### Requirement:
Count every line below that holds "GASPERICH". Number only.

(Dataset records)
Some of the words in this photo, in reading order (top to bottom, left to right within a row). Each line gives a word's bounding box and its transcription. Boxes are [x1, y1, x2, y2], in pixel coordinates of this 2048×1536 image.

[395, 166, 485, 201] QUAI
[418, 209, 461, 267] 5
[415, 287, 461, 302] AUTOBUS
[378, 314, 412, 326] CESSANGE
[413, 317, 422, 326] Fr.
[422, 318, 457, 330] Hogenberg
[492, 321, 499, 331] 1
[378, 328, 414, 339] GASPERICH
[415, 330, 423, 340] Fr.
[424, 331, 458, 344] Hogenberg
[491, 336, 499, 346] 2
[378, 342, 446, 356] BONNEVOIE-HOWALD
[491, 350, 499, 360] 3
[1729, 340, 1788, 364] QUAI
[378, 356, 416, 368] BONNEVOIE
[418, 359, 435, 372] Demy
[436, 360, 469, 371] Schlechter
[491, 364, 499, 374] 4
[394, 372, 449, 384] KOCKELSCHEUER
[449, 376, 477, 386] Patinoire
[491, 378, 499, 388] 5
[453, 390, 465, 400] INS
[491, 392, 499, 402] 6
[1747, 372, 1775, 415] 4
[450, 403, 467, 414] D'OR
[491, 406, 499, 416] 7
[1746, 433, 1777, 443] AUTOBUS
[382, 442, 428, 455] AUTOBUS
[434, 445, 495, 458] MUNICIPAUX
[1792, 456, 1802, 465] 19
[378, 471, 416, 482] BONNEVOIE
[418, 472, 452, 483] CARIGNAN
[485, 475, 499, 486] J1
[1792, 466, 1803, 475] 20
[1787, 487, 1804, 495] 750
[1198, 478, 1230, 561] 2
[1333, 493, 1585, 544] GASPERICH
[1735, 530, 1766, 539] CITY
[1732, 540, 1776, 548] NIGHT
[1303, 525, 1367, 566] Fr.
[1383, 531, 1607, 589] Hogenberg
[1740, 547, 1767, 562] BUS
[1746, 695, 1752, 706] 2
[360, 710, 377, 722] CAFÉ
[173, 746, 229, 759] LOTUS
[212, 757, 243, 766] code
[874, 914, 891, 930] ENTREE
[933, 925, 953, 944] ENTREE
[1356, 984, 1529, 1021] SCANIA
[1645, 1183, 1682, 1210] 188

### Response to the task:
2